# PROBLEM TO WORK ON
In full and unchanged, set down the entries that follow, with no images.

-- -- --

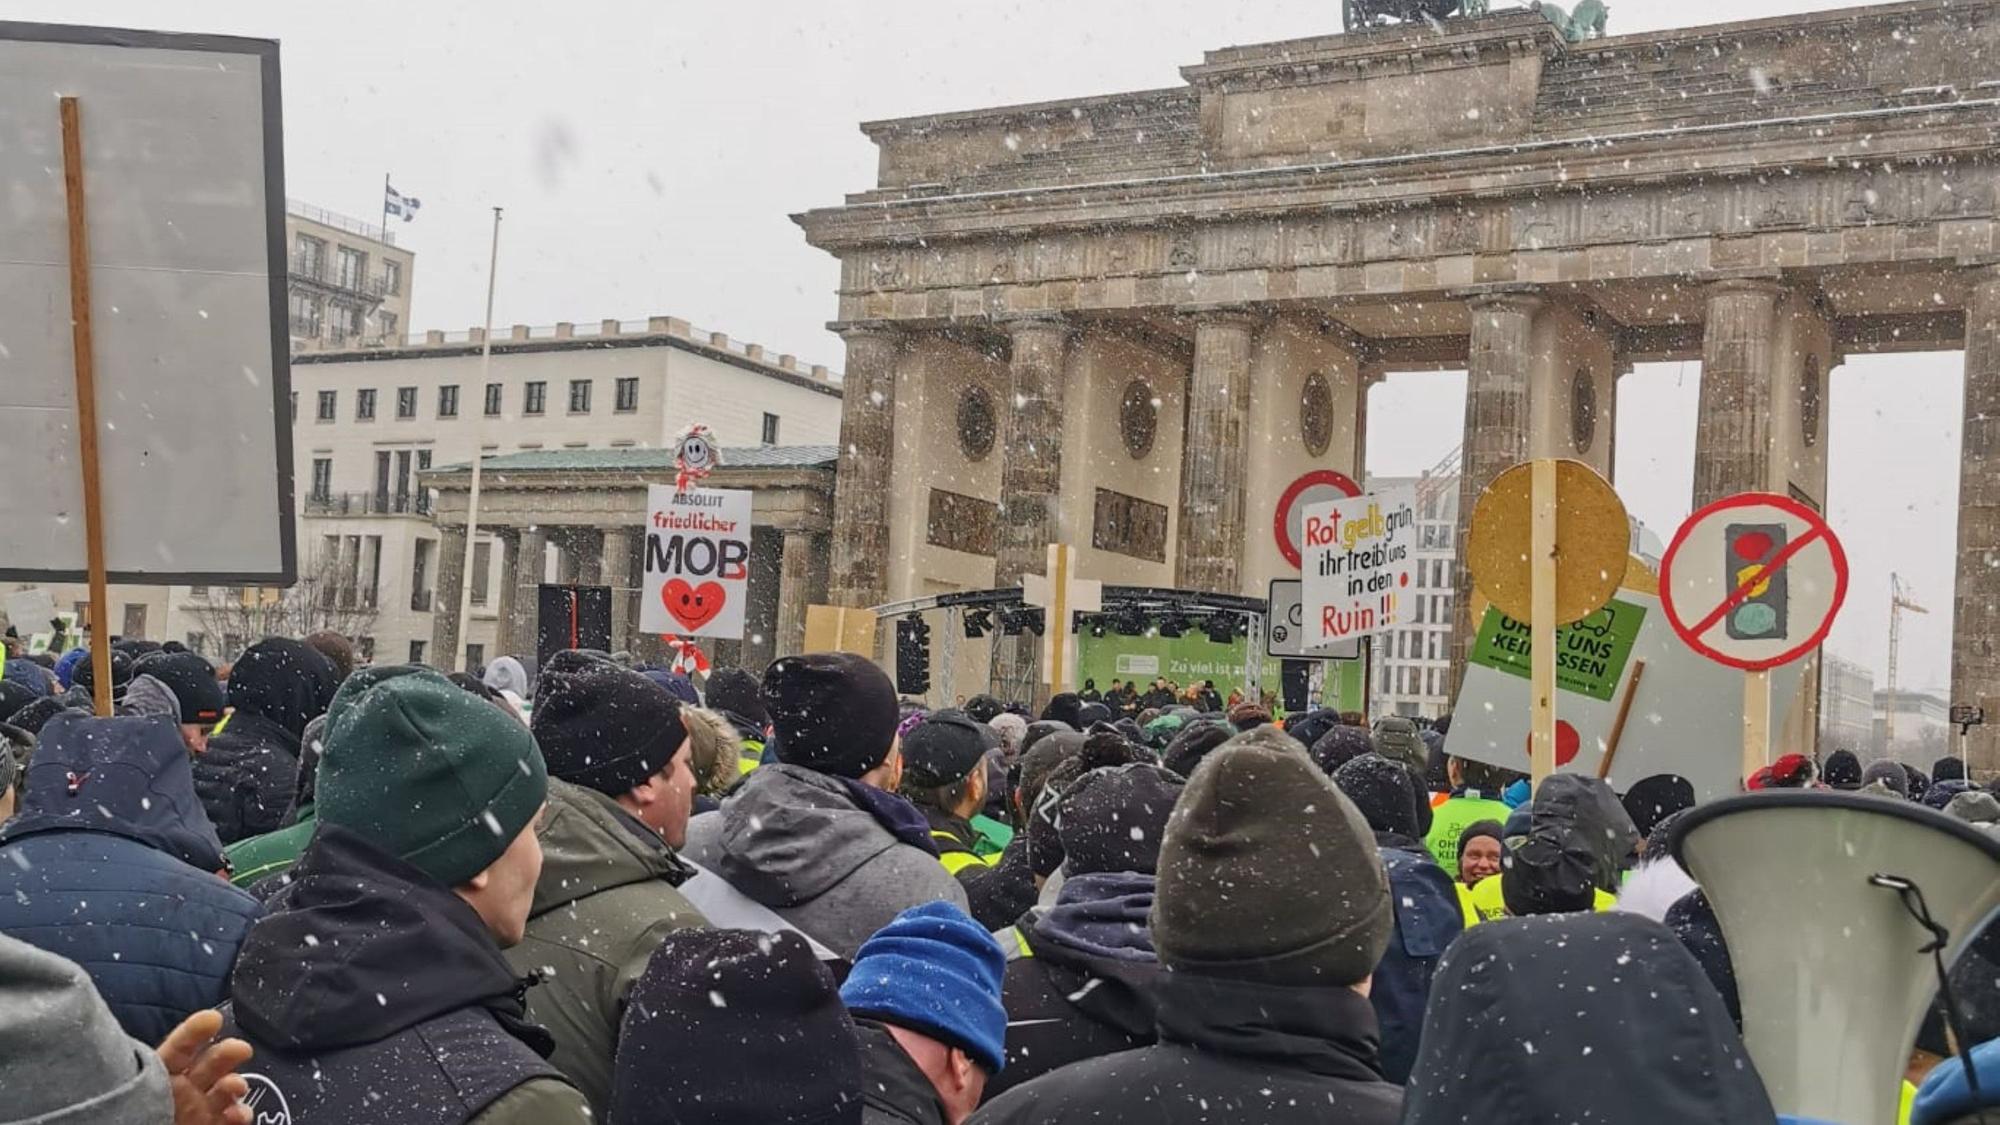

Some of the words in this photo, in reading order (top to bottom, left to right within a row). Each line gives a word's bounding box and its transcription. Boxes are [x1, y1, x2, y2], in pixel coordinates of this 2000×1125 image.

[671, 493, 724, 508] ABSOLUT
[653, 511, 737, 532] friedlicher
[645, 533, 749, 580] MOB
[1319, 549, 1346, 576] ihr
[1346, 542, 1388, 571] treibt
[1388, 544, 1406, 563] uns
[1348, 575, 1363, 597] in
[1367, 571, 1393, 593] den
[1322, 601, 1374, 638] Ruin
[1567, 633, 1613, 659] UNS
[1555, 652, 1607, 678] SSEN
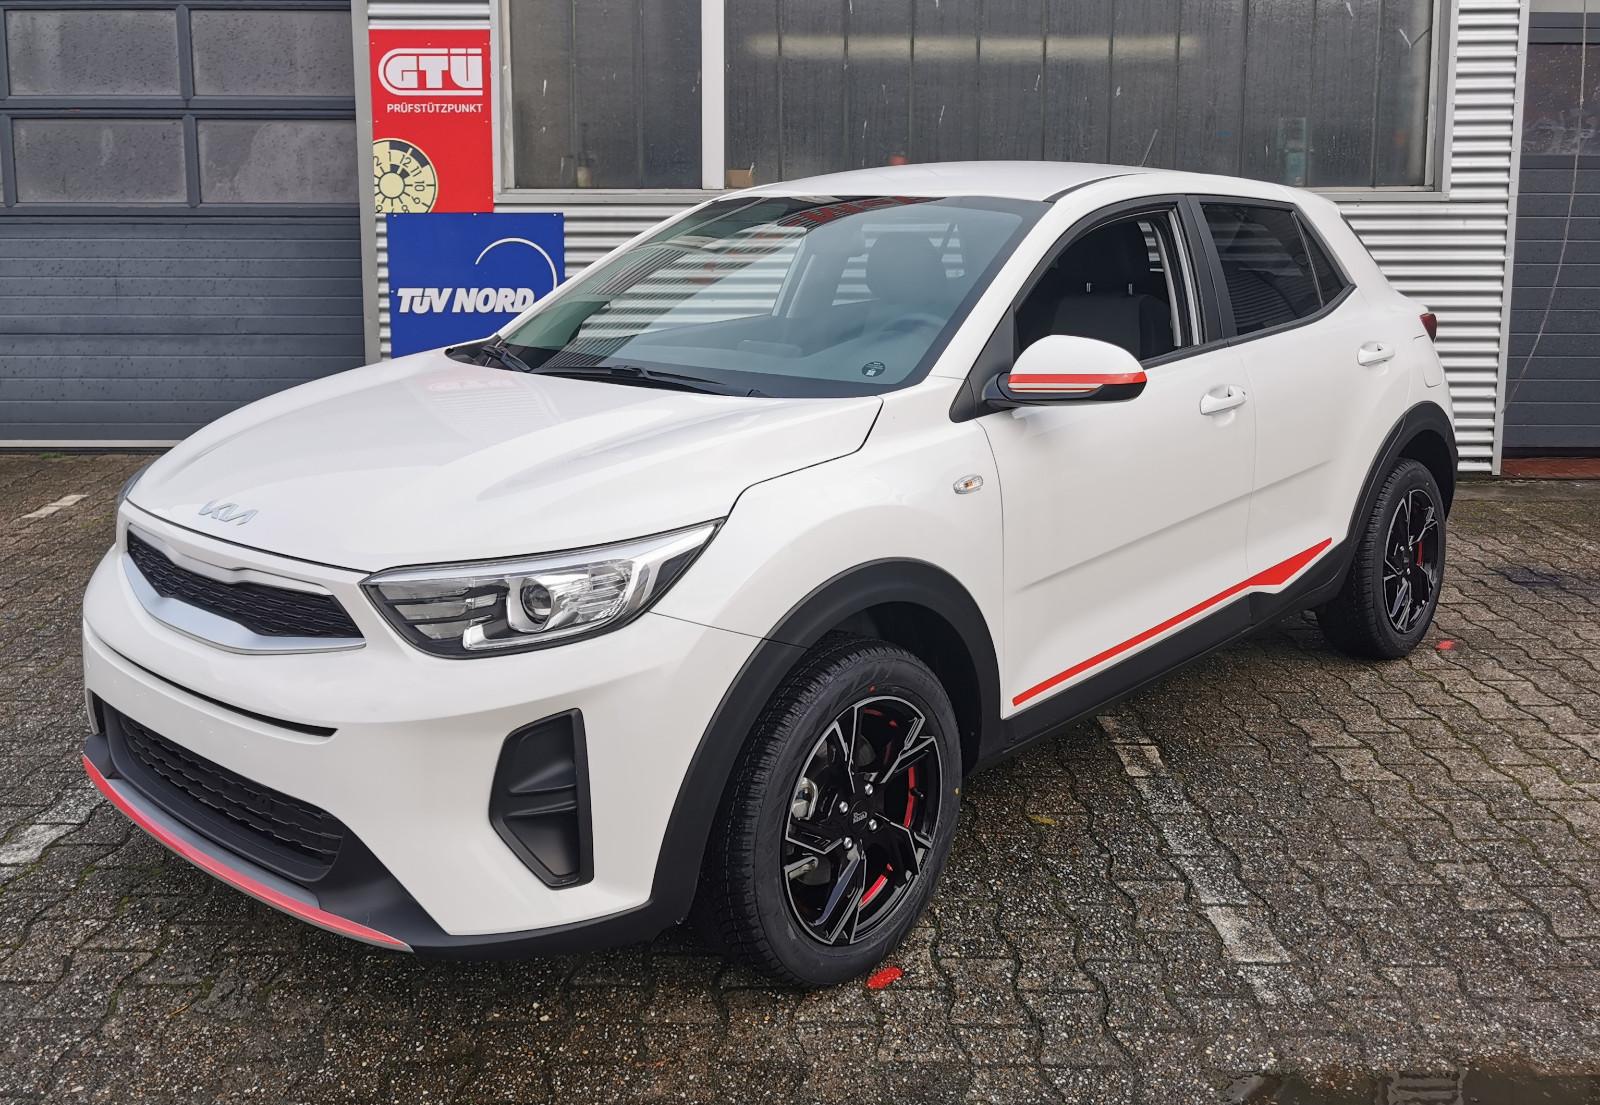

-- -- --

# RESULT OF THIS TASK
Some of the words in this photo, in reading order (top to bottom, left to right within a row). Each line gives a word's bounding box and its transcription. Boxes are [x1, y1, x2, y2], in pixel coordinates of this 2000×1125 image.

[671, 493, 724, 508] ABSOLUT
[653, 511, 737, 532] friedlicher
[645, 533, 749, 580] MOB
[1319, 549, 1346, 576] ihr
[1346, 542, 1388, 571] treibt
[1388, 544, 1406, 563] uns
[1348, 575, 1363, 597] in
[1367, 571, 1393, 593] den
[1322, 601, 1374, 638] Ruin
[1567, 633, 1613, 659] UNS
[1555, 652, 1607, 678] SSEN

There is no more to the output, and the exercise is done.